Taking Care of Your Hands

2026-03-18


Your hands will tell you everything about how you've been training.

Torn calluses. Raw patches. That one spot that always rips.

It's not bad luck. It's feedback.


It starts with the grip.

Most people grip the bell in their palm.

That's wrong — and it's why your hands take a beating.


The bell should sit at the base of your fingers. Not across the palm.

Fingers wrapped around the handle. Palm as relaxed as the movement allows.

This is the grip that lets you generate power without destroying your skin.

A palm grip creates friction in all the wrong places. Set after set, session after session, it builds calluses in spots that were never meant to bear that load.


Calluses are not the enemy.

Unmanaged calluses are.

The goal is a thin, tough layer of skin — not a thick ridge that catches the handle and tears.


Maintenance is simple.

After a shower when the skin is soft — hit the calluses with a pumice stone or fine sandpaper.

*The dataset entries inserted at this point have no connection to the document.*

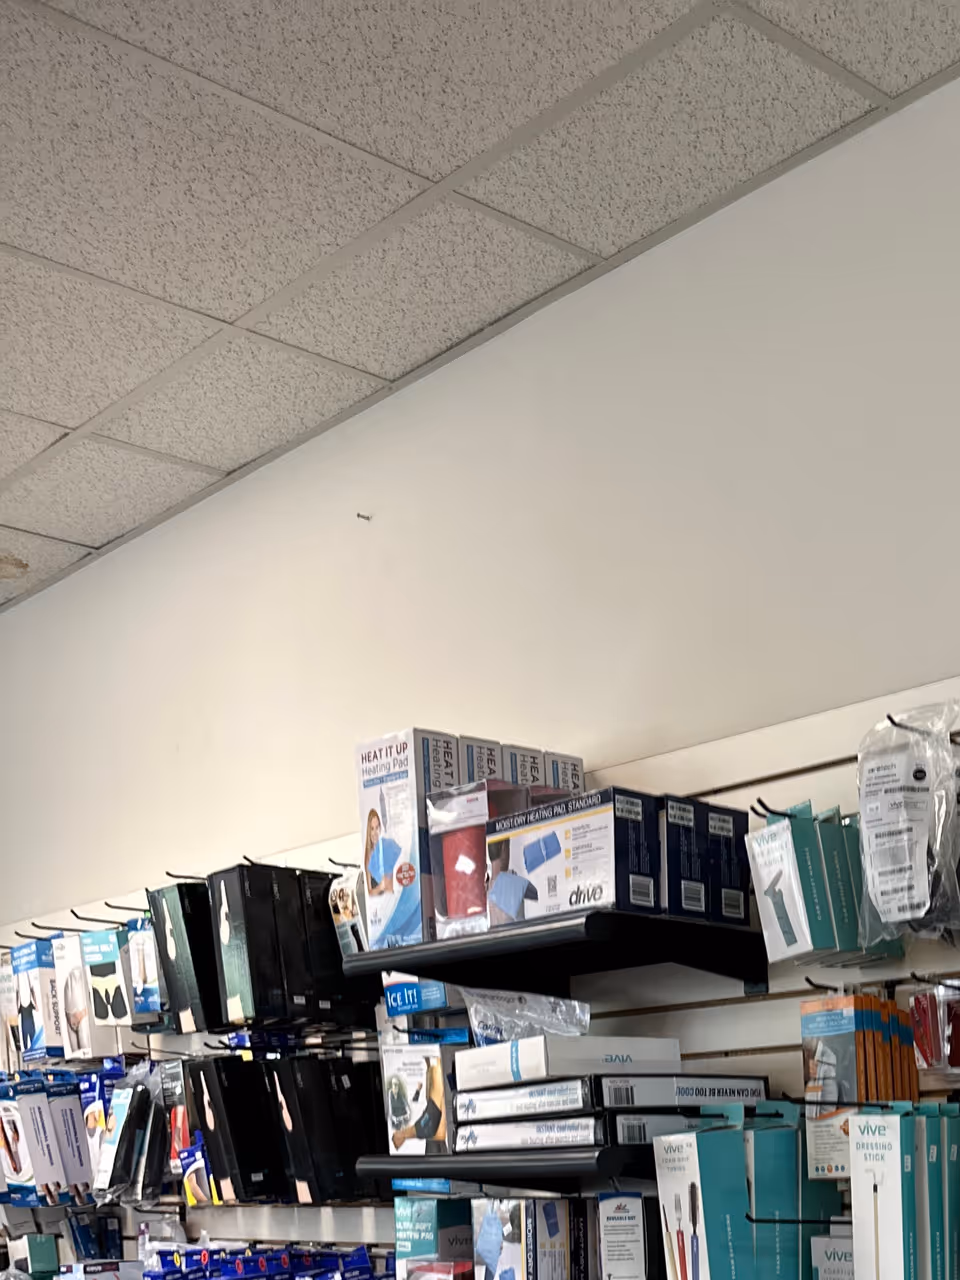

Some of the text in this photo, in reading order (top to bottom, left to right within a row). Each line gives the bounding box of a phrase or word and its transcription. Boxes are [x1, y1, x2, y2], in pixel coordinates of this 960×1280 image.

[361, 742, 408, 764] HEAT IT UP
[432, 738, 441, 787] Heating
[443, 740, 453, 780] HEAT
[487, 747, 496, 776] HEA
[362, 756, 408, 778] Heating Pad
[530, 756, 539, 784] HEA
[571, 763, 580, 792] HEA
[528, 805, 553, 826] HEATING
[568, 796, 601, 814] STANDARD
[569, 883, 604, 906] drive
[387, 990, 402, 1008] ICE
[695, 1087, 707, 1096] TOO
[708, 1087, 716, 1096] BE
[716, 1087, 735, 1097] NEVER
[737, 1087, 749, 1097] CAN
[858, 1121, 886, 1136] vive
[856, 1142, 892, 1151] DRESSING
[864, 1153, 885, 1161] STICK
[825, 1248, 852, 1262] vive

Keep them thin. Keep them flat.

Five minutes a week. That's the whole routine.


When the inevitable rip happens — and it will — clean it, trim the flap, and let it heal.

Don't train through an open tear if you can avoid it.

One missed session is better than two weeks off with an infected hand.


When you come back, grip light.

Rebuild the callus gradually.

Respect the process.


Strong hands are not an accident.

They're a byproduct of training well, gripping correctly, and taking care of what you've built.


Start with the grip. Everything else follows.